Mooresville Incorporated in 1818
Post office contains original call boxes
Old tavern, 1817 used as a stagecoach stop
Red Brick Methodist church 1817
U. S. Gen. James A Garfield was stationed here 1862
White frame church is more than a century old
Andrew Johnson was apprenticed tailor here
Neoclassic architecture
1971 by Alabama Society Daughters of the American Revolution
Mooresville, Alabama Incorporated November 16, 1818
Mooresville Post Office, c.1840, is the oldest operational post office in the state of Alabama. It has served the community form the same building since its construction of sawmill lumber in 1840. The mailboxes and office furnishings are even older, having been transferred from the original post office in the Stagecoach Tavern. The mailboxes are numbered 1-48, and some families have had the same box numbers for several generations. The building is owned and maintained by the Town of Mooresville.
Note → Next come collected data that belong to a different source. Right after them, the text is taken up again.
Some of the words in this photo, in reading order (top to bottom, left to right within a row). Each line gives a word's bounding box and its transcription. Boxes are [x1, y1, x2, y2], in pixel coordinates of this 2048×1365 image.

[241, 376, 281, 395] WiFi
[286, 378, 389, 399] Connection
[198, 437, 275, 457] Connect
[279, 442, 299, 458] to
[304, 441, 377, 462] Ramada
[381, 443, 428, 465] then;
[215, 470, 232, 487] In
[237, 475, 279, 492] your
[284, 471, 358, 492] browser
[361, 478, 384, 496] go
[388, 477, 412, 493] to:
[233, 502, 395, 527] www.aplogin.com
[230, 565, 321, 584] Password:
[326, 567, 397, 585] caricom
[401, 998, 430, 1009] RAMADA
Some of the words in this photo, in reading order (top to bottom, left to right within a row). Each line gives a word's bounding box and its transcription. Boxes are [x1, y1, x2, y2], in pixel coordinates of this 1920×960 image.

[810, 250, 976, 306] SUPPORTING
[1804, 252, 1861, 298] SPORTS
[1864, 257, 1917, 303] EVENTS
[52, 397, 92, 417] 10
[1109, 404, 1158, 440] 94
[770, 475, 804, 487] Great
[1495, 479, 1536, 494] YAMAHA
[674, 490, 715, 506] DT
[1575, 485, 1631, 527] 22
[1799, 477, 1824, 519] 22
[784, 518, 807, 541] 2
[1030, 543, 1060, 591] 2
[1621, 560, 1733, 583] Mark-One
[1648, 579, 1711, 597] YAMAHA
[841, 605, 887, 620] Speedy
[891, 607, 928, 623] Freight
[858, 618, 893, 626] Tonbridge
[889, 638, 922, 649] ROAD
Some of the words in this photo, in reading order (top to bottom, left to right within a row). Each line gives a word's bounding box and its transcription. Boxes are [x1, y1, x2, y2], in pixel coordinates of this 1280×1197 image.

Mooresville Stagecoach Inn and Tavern
The Stagecoach Inn and Tavern were built c.1820 and served as the post office before the current post office was constructed around 1840. An Act of Congress on March 13, 1818, authorized mail delivery to and from neighboring Huntsville and necessitated the establishment of a post office in Mooresville. A road was built between the two towns, and horse and rider carried mail. The Stagecoach Inn and Tavern were listed on Tanner's Post Map of 1825 with supper priced at "2 bits." The original post office was located on the right side of the building and mail may have been deposited and received through the small window. This window is also believed to have been used for the after-hours sale of liquor. The first floor was used as a common room with an outside stairway leading to two sleeping rooms on the second floor. The Stagecoach Tavern is currently used as a museum and the official town hall.
Mooresville Brick Church
Completed by 1839 this Greek Revival Structure was probably under construction for several years. On November 18, 1838, Alabama's 2nd Governor, Thomas Bibb and his wife Pamela deeded this property to William K. Adams, Monroe F. Moses and James Allison trustees of the Cumberland Presbyterian Church. This denomination retained the title but over the years permitted the Baptist and Methodist to meet here.
Outstanding religious leaders who preached here were Cumberland Presbyterians "Father" Robert Donnell, the early leader and Constantine Blackmon Sanders, the "X+Y=Z Preacher" as well as Methodist Clare Purcell later Bishop of North Ala., West Fla. and Central Conferences.
National Register of Historic Places Mooresville Historic District 4/13/72
The Cumberland Presbyterian Church
This faith was organized in Dickson County, Tenn., Feb. 4, 1810, as an outgrowth of the Great Religious Revival of 1800. Its founders were ministers of the Presbyterian Church who rejected the doctrine of election and reprobation. They formulated and published a “Brief Statement” setting forth the points wherein Cumberland Presbyterians dissented from the Westminster Confession of Faith.
Robert Donnell, one of the founding fathers of the church, was preaching in this area as early as 1810. About 1834 he moved from Tenn. to Mooresville and was largely responsible for the early growth of the faith locally.
Mary Ann Walton, a local benefactor, died in 1899 willing much of her estate in trust to the Presbytery. Her will was contested and upheld three times by the Alabama Supreme Court in Woodroof vs. Hundley.